Ingredients

  • 1 cup nondairy milk such as almond milk
  • 1 teaspoon apple cider vinegar
  • 1 tablespoon ground flax seed
  • 3 tablespoons water
  • 1/3 cup unsweetened applesauce
  • 1 cup rolled oats (not quick or instant)
  • 1 cup whole wheat pastry flour
  • 1 teaspoon baking powder
  • 1/2 teaspoon baking soda
  • 1/2 cup chopped walnuts
  • 1/2 cup raisins

Method

  • Preheat the oven to 400°F. Grease or line a standard 12-cup muffin tin with paper liners, or use a 6-cup tin for big breakfast muffins!
  • In a measuring cup, combine the nondairy milk and vinegar. Set aside to "curdle." (This will act like buttermilk in the batter.)

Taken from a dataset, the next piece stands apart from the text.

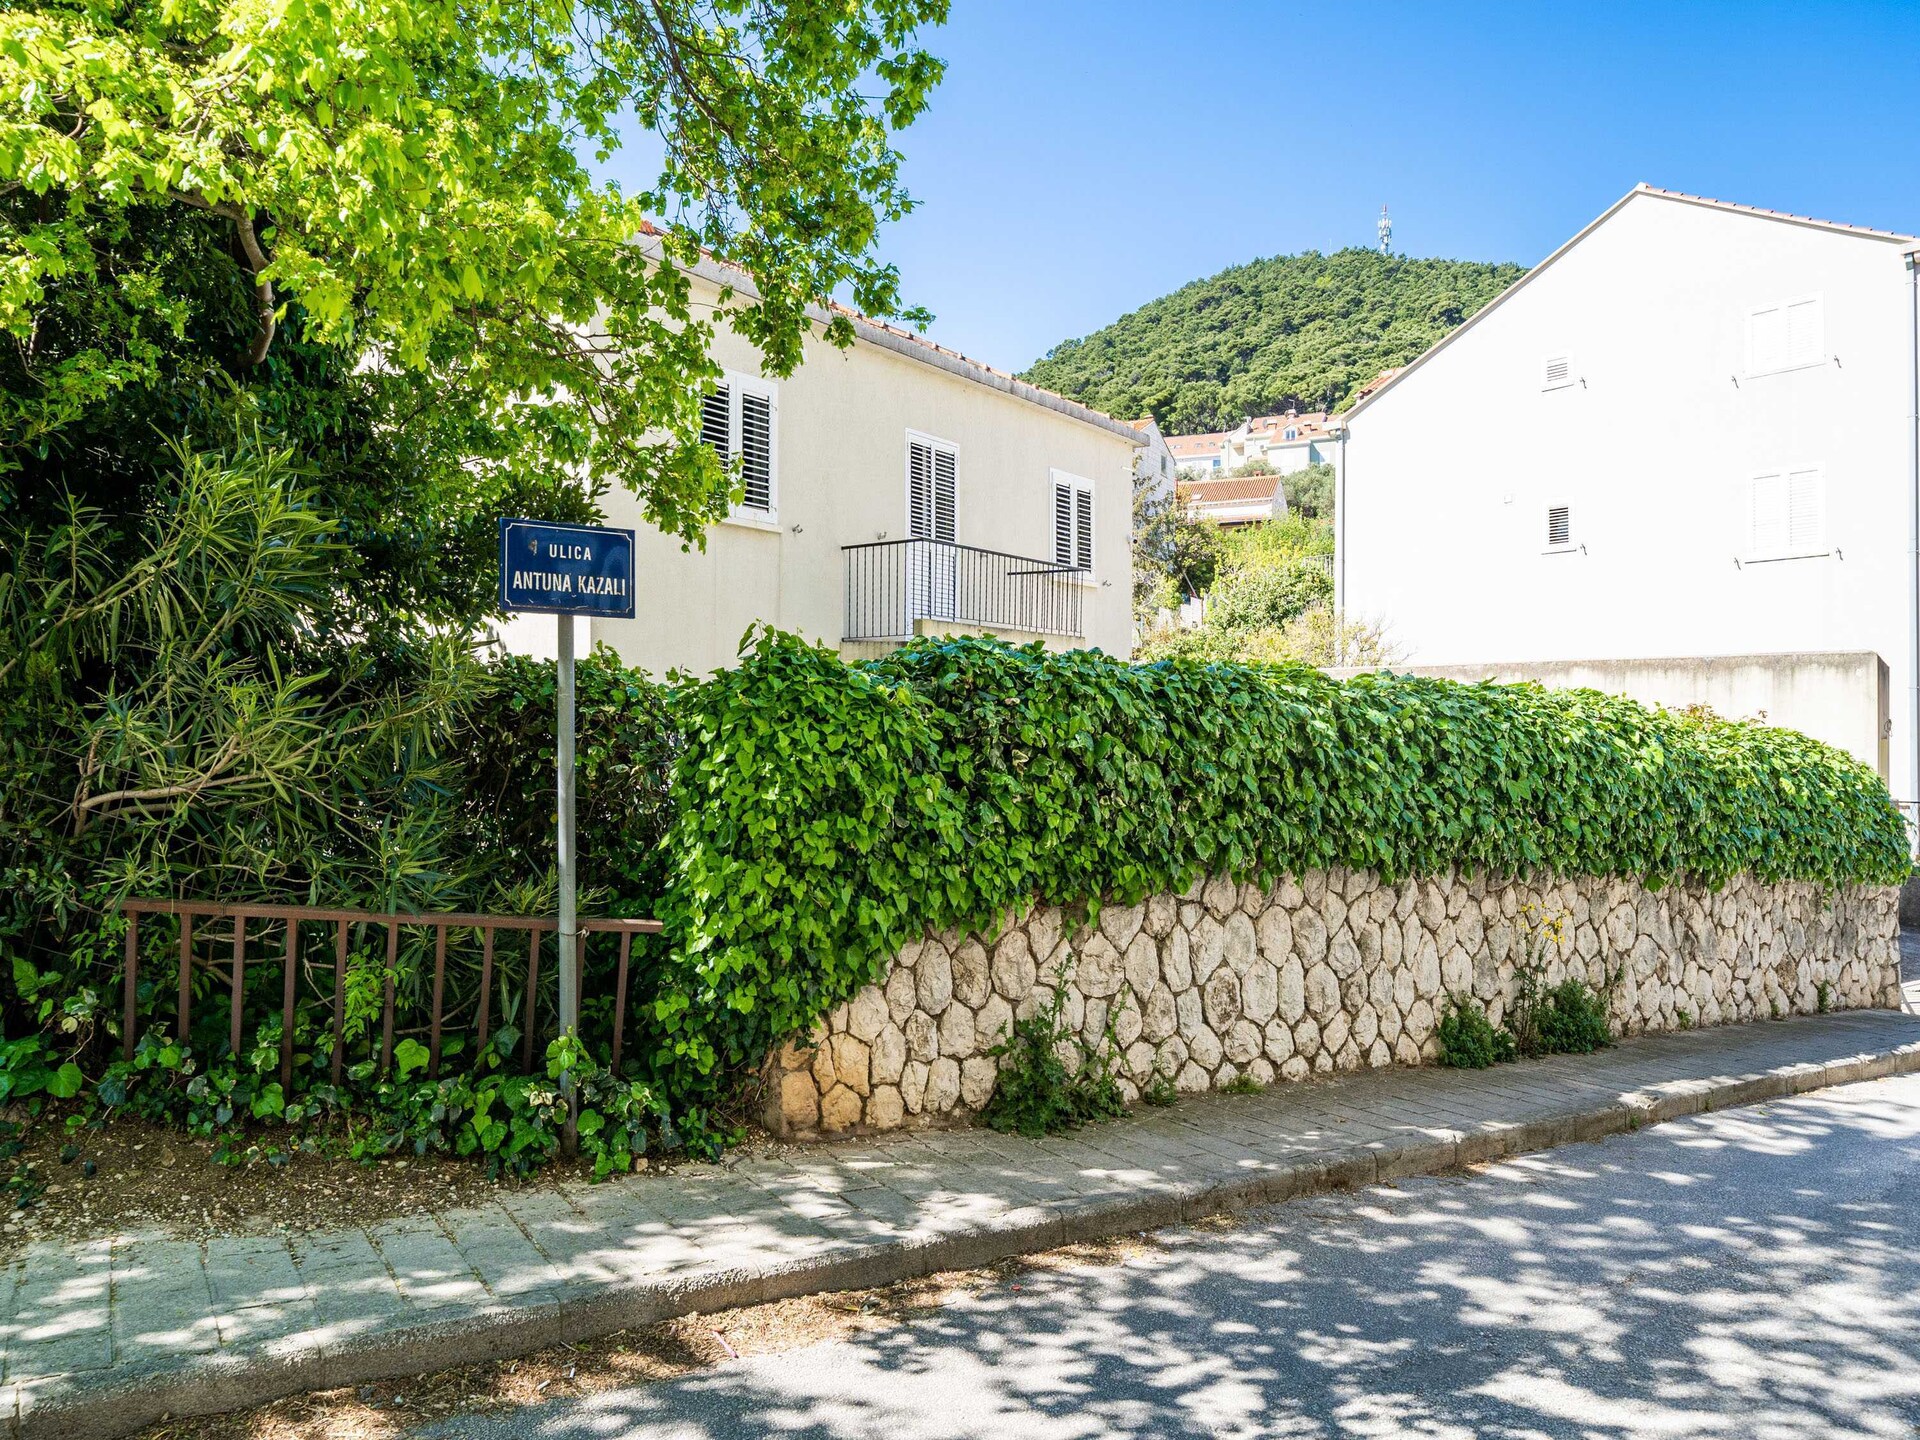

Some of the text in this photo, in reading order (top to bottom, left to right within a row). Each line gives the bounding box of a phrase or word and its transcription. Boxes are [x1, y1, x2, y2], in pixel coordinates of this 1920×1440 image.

[549, 544, 592, 560] ULICA
[512, 570, 626, 596] ANTUNA KAZALI

  • In a medium mixing bowl, whisk the flaxseed and water together until thickened. Add the nondairy milk mixture, the maple syrup and the applesauce and stir to combine.

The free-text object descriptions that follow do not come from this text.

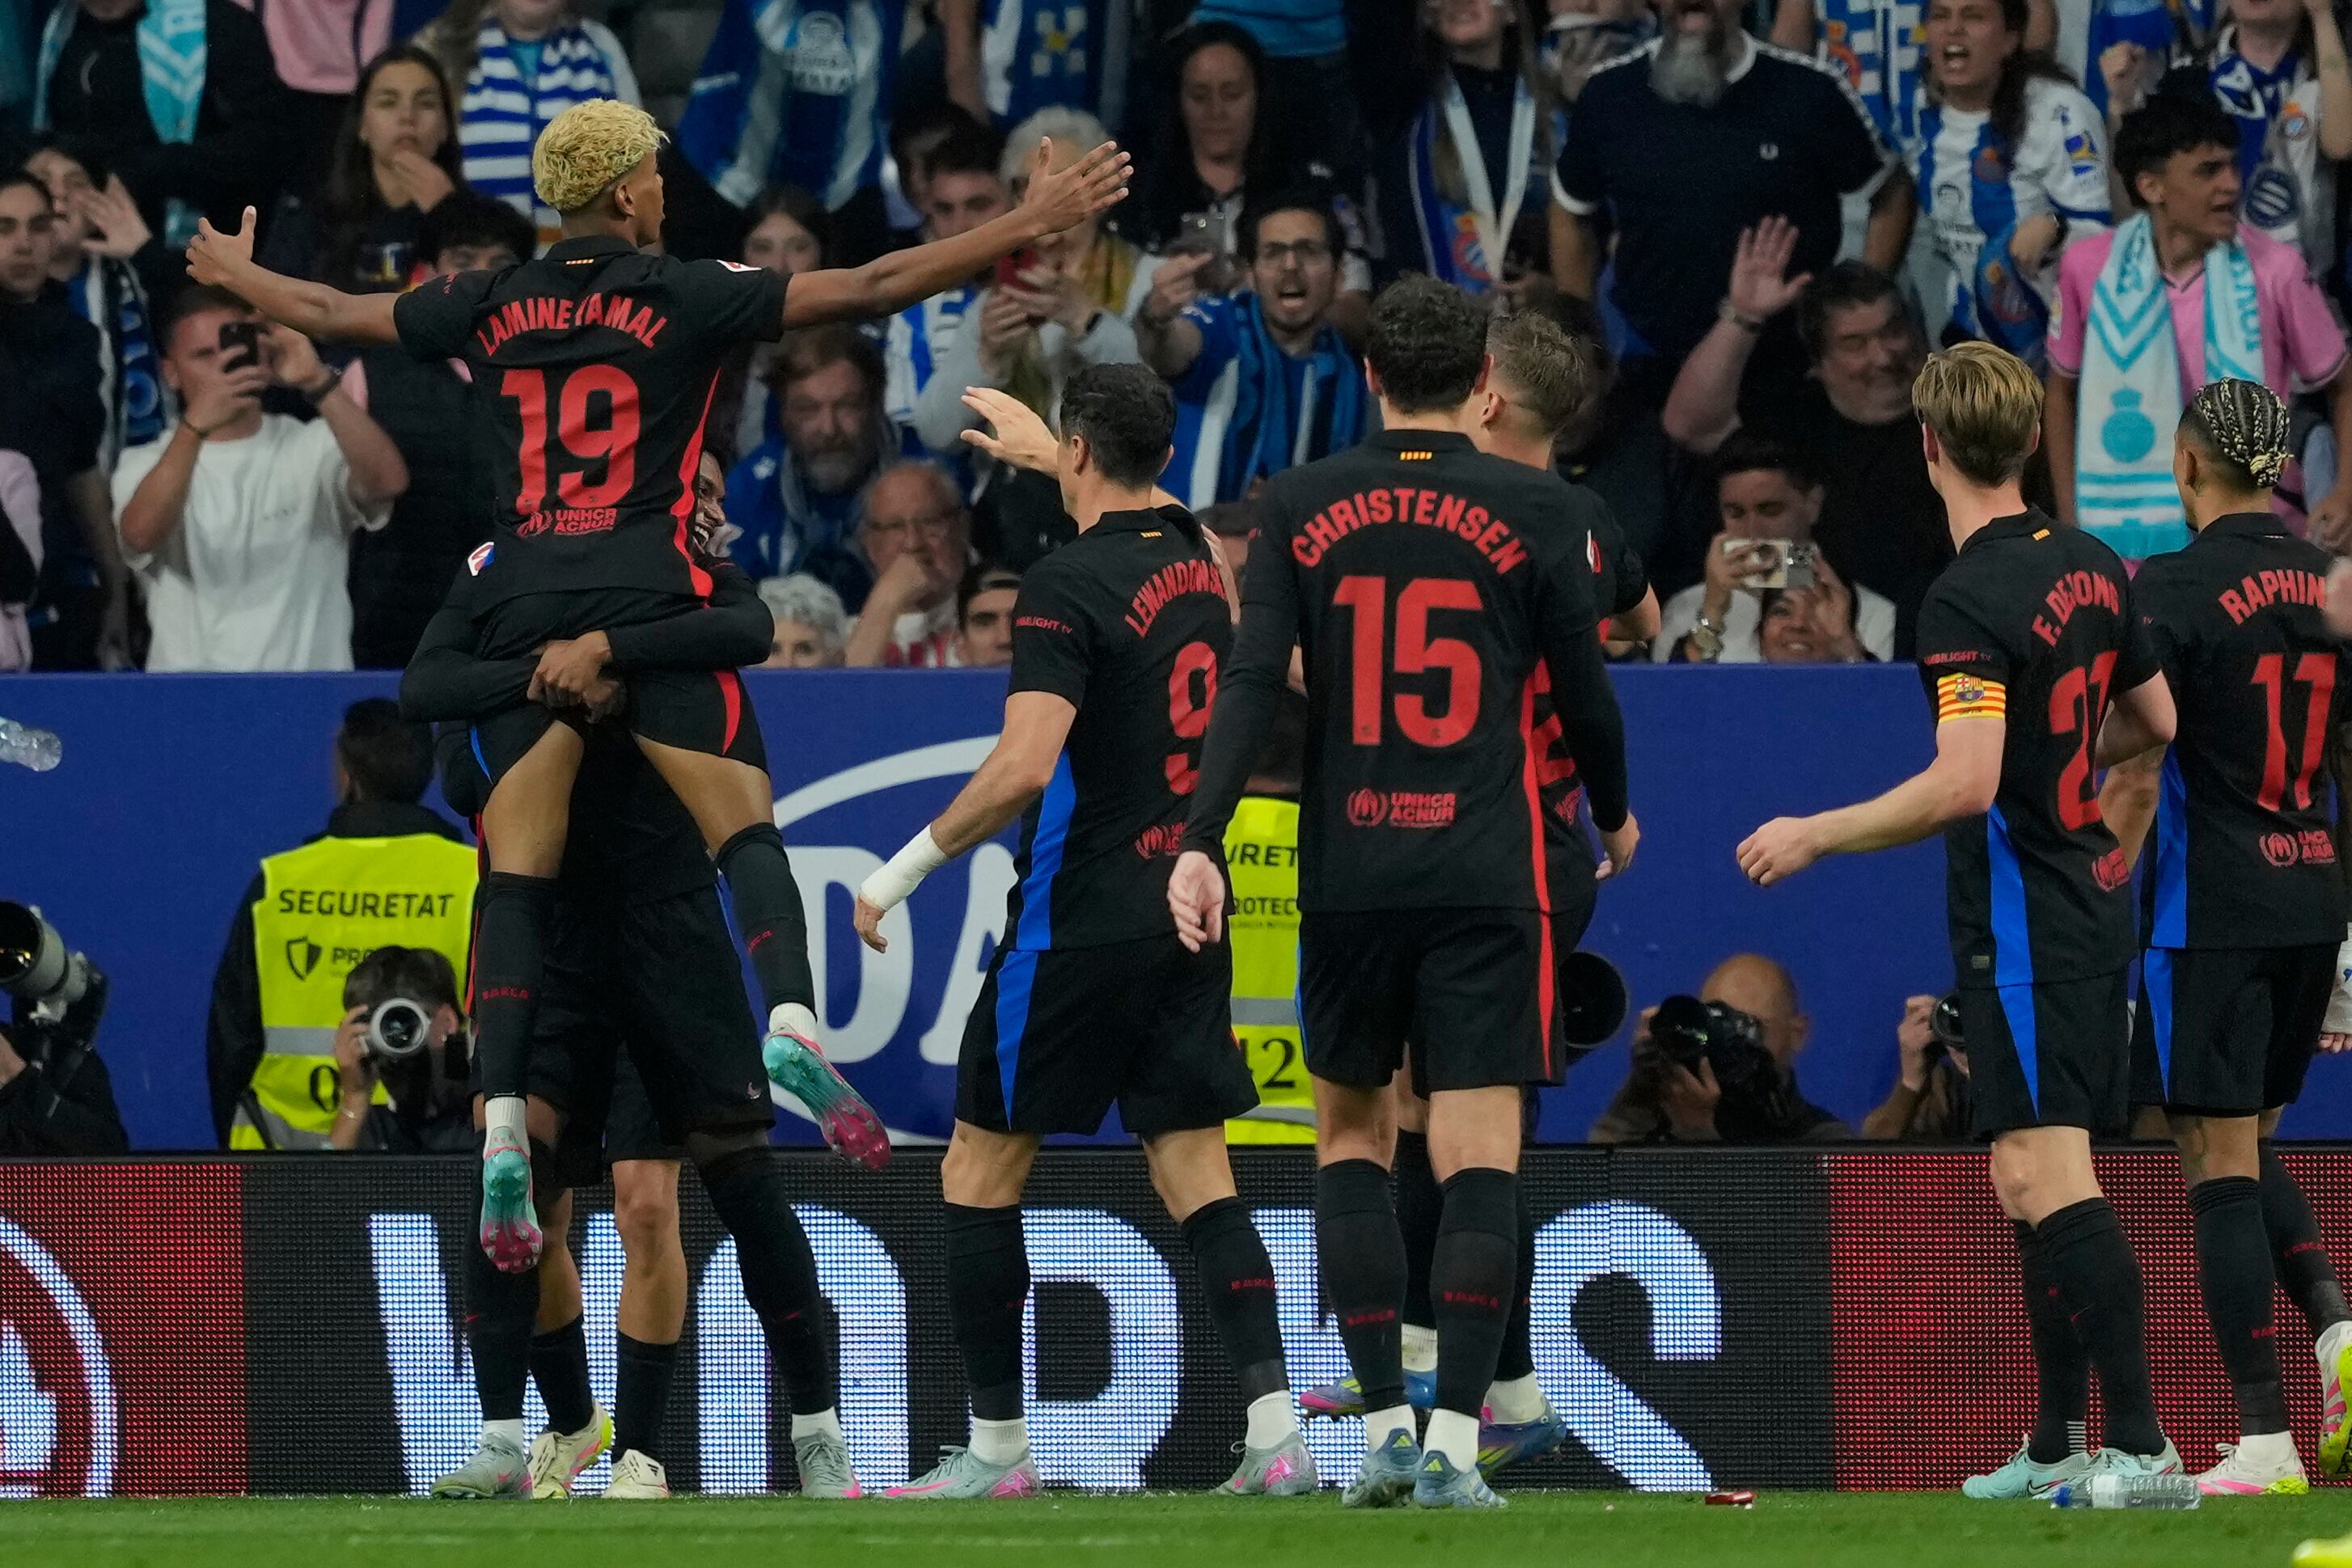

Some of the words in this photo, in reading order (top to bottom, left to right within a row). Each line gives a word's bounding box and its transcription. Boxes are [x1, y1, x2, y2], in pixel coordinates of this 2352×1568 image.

[476, 297, 573, 357] LAMINE
[500, 363, 641, 515] 19
[1290, 487, 1528, 574] CHRISTENSEN
[1165, 641, 1217, 796] 9
[1333, 575, 1483, 747] 15
[2251, 653, 2337, 812] 11
[1390, 791, 1456, 807] UNHCR
[278, 889, 454, 917] SEGURETAT

  • Add the oats, flour, baking powder and baking soda and mix until just combined. The batter will be lumpy.
  • Fold in the nuts and raisins (or, if you prefer, omit the raisins and add 1/2 cup vegan chocolate chips). Divide batter among muffin cups until each is about 2/3 full. Bake for 20 minutes, or until a toothpick inserted in the center comes out clean.